AI leverages computers and machines to work for us in doing highly repetitive tasks or functions that can be automated. This allows us to work more efficiently and concentrate on those activities that require unreplaceable human roles, such as emotional intelligence, human relationships and intuition.
What’s your view of the idea that AI will result in a loss of jobs?
Well, AI will undoubtedly transform society, but this will create untold opportunities for new careers. We should look at AI therefore as a tool to facilitate or enhance human abilities and tasks, rather than something that will replace us in the job market.
We have to encourage the next generation of professionals to embrace the benefits of working with AI technologies. In Earth observation at ESA for example, we’re teaching young scientists and engineers to adopt the tools of machine learning as part of their understanding of data and data processing.
Can you explain how AI advances Earth observation?

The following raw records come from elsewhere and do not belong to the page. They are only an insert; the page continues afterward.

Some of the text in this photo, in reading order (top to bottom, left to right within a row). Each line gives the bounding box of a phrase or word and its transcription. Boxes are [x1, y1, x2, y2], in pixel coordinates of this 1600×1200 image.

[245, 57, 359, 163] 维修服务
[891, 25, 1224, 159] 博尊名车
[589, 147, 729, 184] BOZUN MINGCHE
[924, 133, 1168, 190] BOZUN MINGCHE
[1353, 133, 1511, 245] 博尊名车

Earth observation is being helped enormously by AI. Several satellites now have AI computers onboard for filtering and processing data, and downstream there are many applications that use AI to create critical insight for end users.

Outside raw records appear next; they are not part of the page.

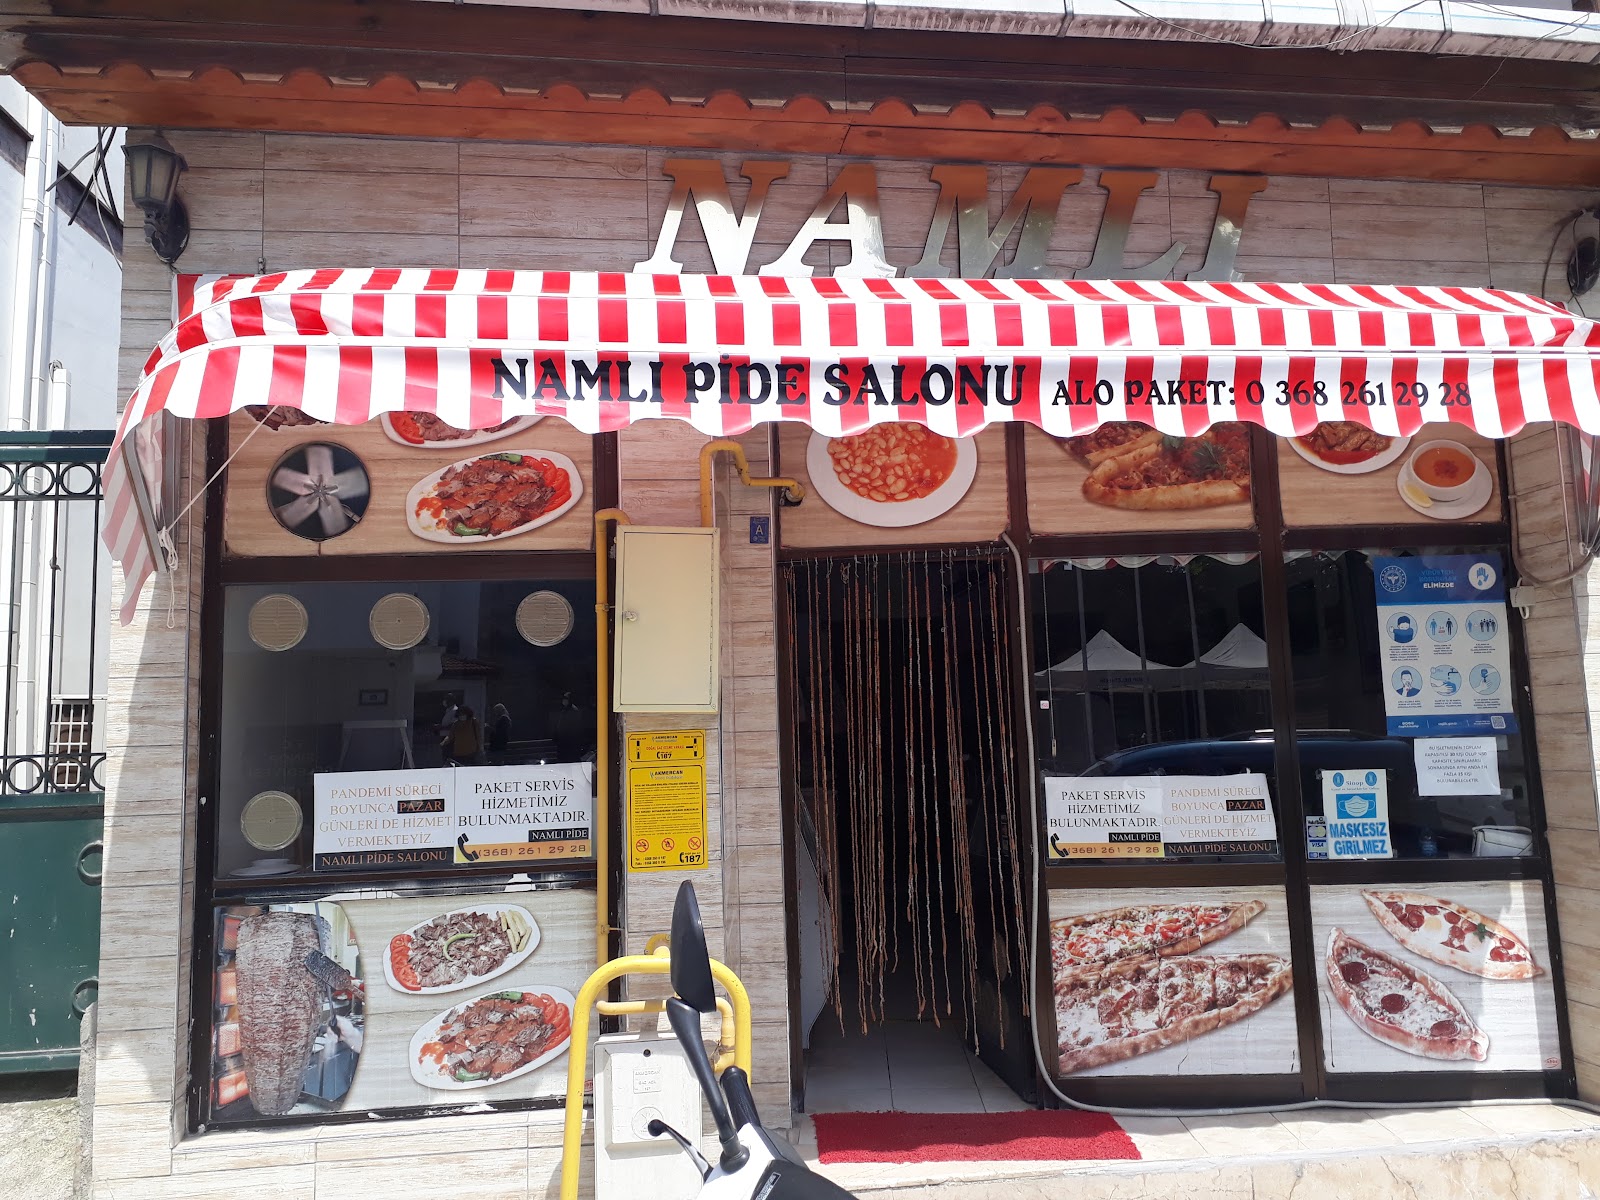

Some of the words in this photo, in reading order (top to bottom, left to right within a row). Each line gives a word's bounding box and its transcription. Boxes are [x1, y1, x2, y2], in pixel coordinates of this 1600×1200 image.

[633, 158, 1267, 282] NAMLI
[491, 357, 664, 403] NAMLI
[682, 354, 807, 405] PİDE
[823, 363, 1026, 406] SALONU
[1052, 379, 1114, 405] ALO
[1125, 379, 1235, 406] PAKET:
[1245, 380, 1265, 406] 0
[1275, 380, 1329, 407] 368
[1341, 380, 1387, 407] 261
[1395, 381, 1429, 407] 29
[1438, 382, 1472, 407] 28
[756, 524, 764, 535] A
[331, 785, 391, 798] PANDEMİ
[396, 783, 441, 796] SÜRECİ
[475, 782, 521, 793] PAKET
[526, 778, 574, 792] SERVİS
[1171, 787, 1220, 797] PANDEMİ
[1224, 786, 1262, 796] SÜRECİ
[1062, 791, 1100, 800] PAKET
[1104, 789, 1145, 800] SERVİS
[481, 793, 568, 810] HİZMETİMİZ
[1172, 802, 1225, 811] BOYUNCA
[1228, 801, 1264, 810] PAZAR
[330, 803, 395, 815] BOYUNCA
[400, 801, 442, 812] PAZAR
[1068, 803, 1140, 814] HİZMETİMİZ
[320, 818, 377, 832] GÜNLERİ
[382, 819, 398, 829] DE
[403, 816, 452, 828] HİZMET
[458, 811, 590, 827] BULUNMAKTADIR.
[1050, 818, 1161, 827] BULUNMAKTADIR.
[1164, 814, 1211, 825] GÜNLERİ
[1214, 815, 1228, 823] DE
[1232, 813, 1272, 823] HİZMET
[532, 831, 563, 840] NAMLI
[566, 829, 587, 838] PİDE
[1141, 832, 1159, 840] PİDE
[1180, 828, 1260, 838] VERMEKTEYİZ.
[337, 832, 435, 847] VERMEKTEYİZ.
[549, 846, 564, 854] 29
[1168, 845, 1202, 854] NAMLI
[1205, 843, 1227, 852] PİDE
[1230, 843, 1271, 851] SALONU
[322, 855, 362, 866] NAMLI
[367, 853, 393, 864] PİDE
[398, 851, 447, 862] SALONU

Computer vision amply illustrates the contribution AI makes. We extract many features from satellite images, like vegetation or coalmines, and although computers have been doing this for some time, they traditionally use fixed algorithms or models to spot the required objects.
With AI, the model keeps evolving and learning as new data arrive, and that’s a game changer in terms of our need for automatic detection. There are huge volumes of Earth observation data produced every day, and so automation from AI is a vital aid for monitoring Earth.
In the Child Connectivity project that ESA is carrying out with Giga for instance, we are assessing young people’s access to the internet. As part of this, we use AI algorithms to recognise school buildings from Copernicus Sentinel-2 data, and in Brazil alone we were able to identify 65 000 schools that were incorrectly located in the UNICEF database.
The area of prediction is also becoming increasingly important. In another major initiative with UNICEF, our climate-data AI models were able to forecast dengue fever outbreaks one month in advance.